§ WHAT THE TASK ASKS
The records that follow must be repeated exactly, minus the images.

** PROVIDED ENTRIES follows **

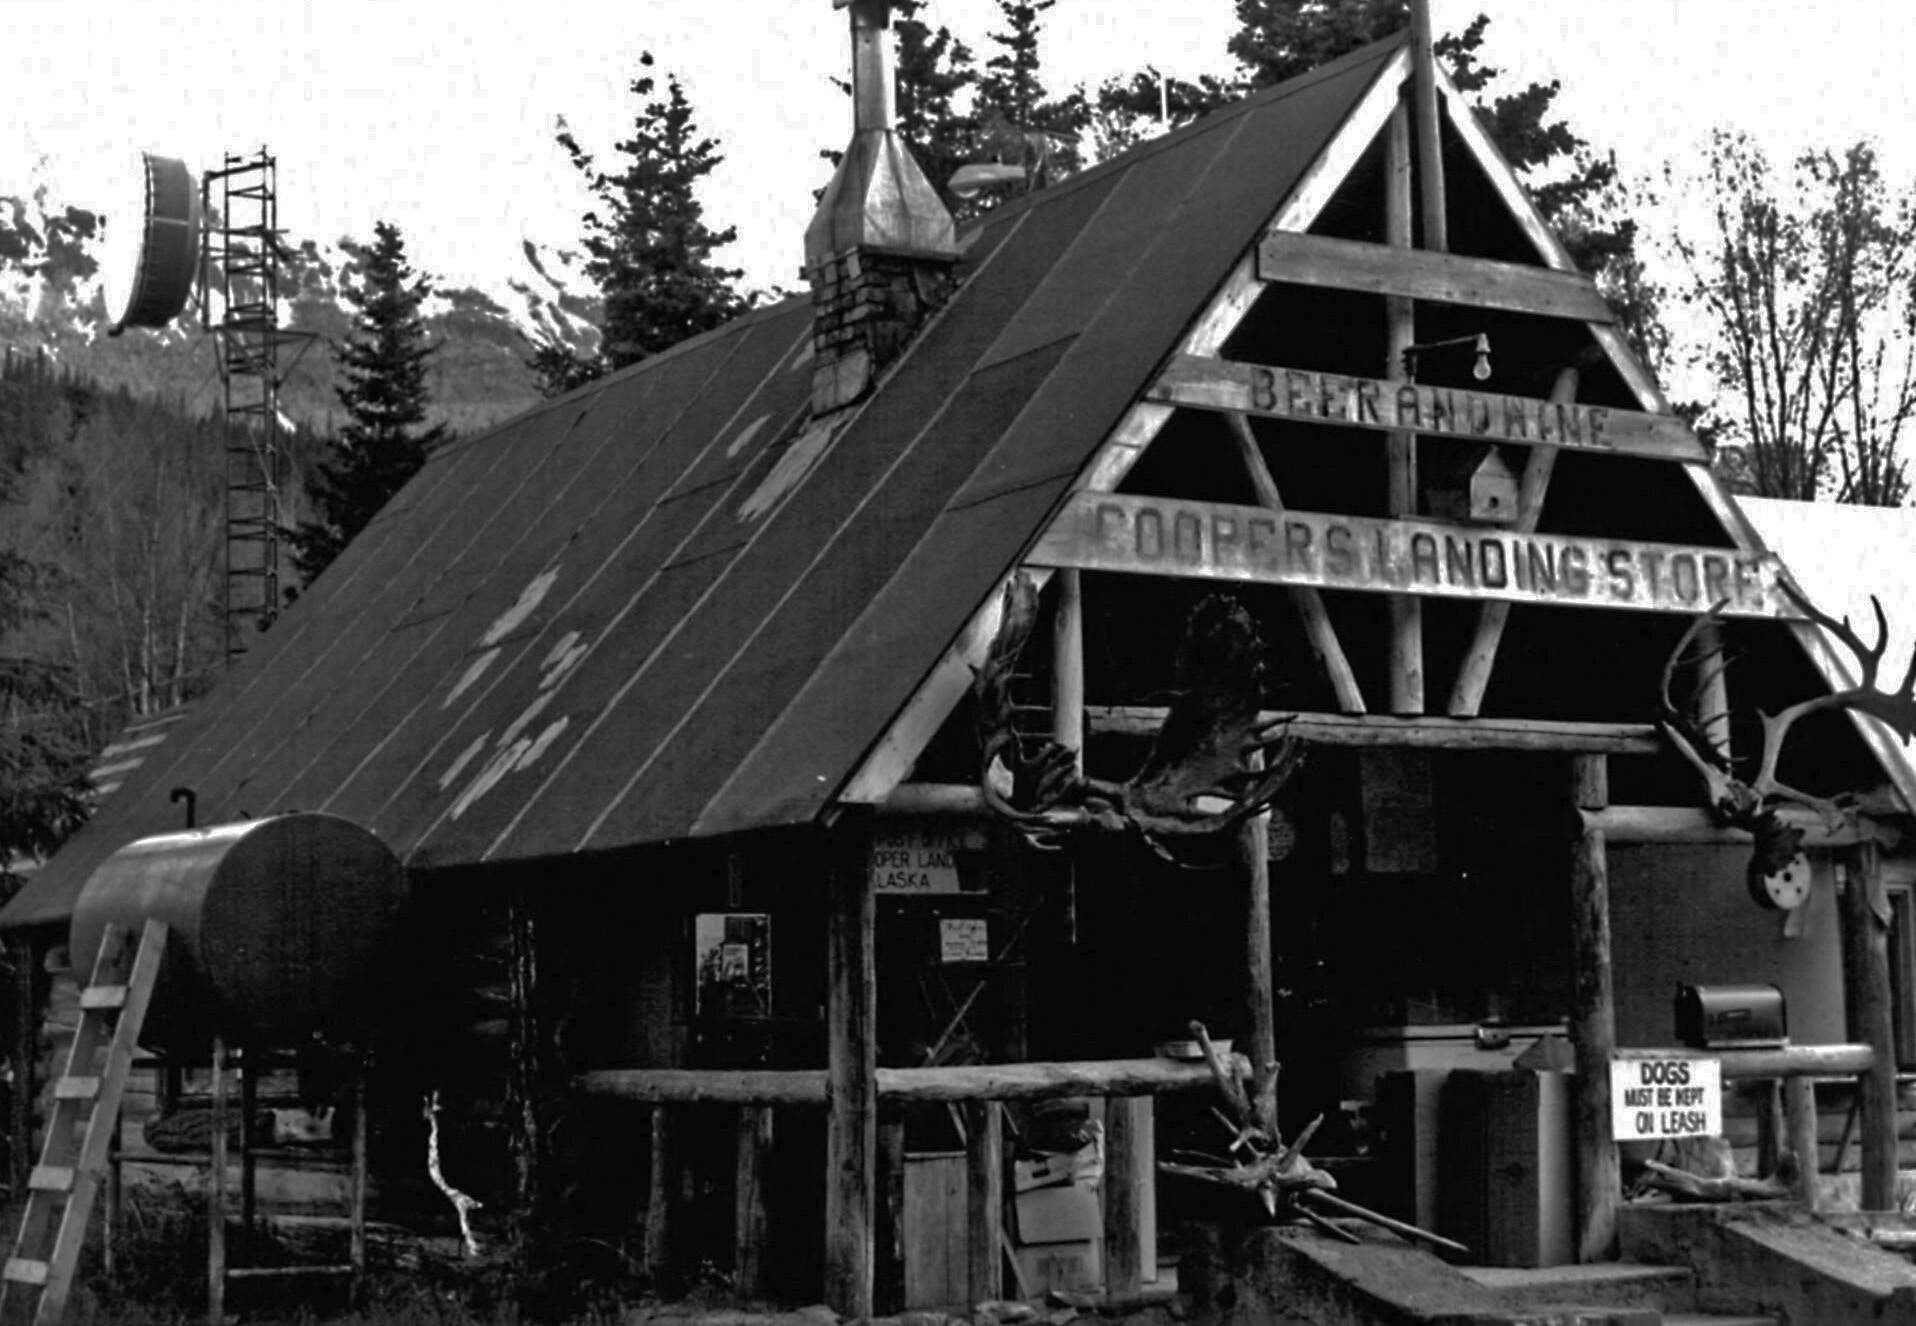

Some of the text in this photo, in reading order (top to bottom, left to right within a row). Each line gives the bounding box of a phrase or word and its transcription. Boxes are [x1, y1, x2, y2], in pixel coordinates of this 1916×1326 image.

[1249, 365, 1615, 448] BEER AND WINE
[1096, 501, 1764, 611] COOPERS LANDING STORE
[875, 851, 956, 869] OPER LAND
[878, 871, 931, 889] LASKA
[1641, 1061, 1691, 1085] DOGS
[1624, 1086, 1705, 1107] MUST BE KEPT
[1635, 1110, 1707, 1134] ON LEASH

** End of PROVIDED ENTRIES **

§ RESULT OF THIS EXERCISE
Some of the text in this photo, in reading order (top to bottom, left to right within a row). Each line gives the bounding box of a phrase or word and its transcription. Boxes are [x1, y1, x2, y2], in pixel coordinates of this 1916×1326 image.

[1249, 365, 1615, 448] BEER AND WINE
[1096, 501, 1764, 611] COOPERS LANDING STORE
[875, 851, 956, 869] OPER LAND
[878, 871, 931, 889] LASKA
[1641, 1061, 1691, 1085] DOGS
[1624, 1086, 1705, 1107] MUST BE KEPT
[1635, 1110, 1707, 1134] ON LEASH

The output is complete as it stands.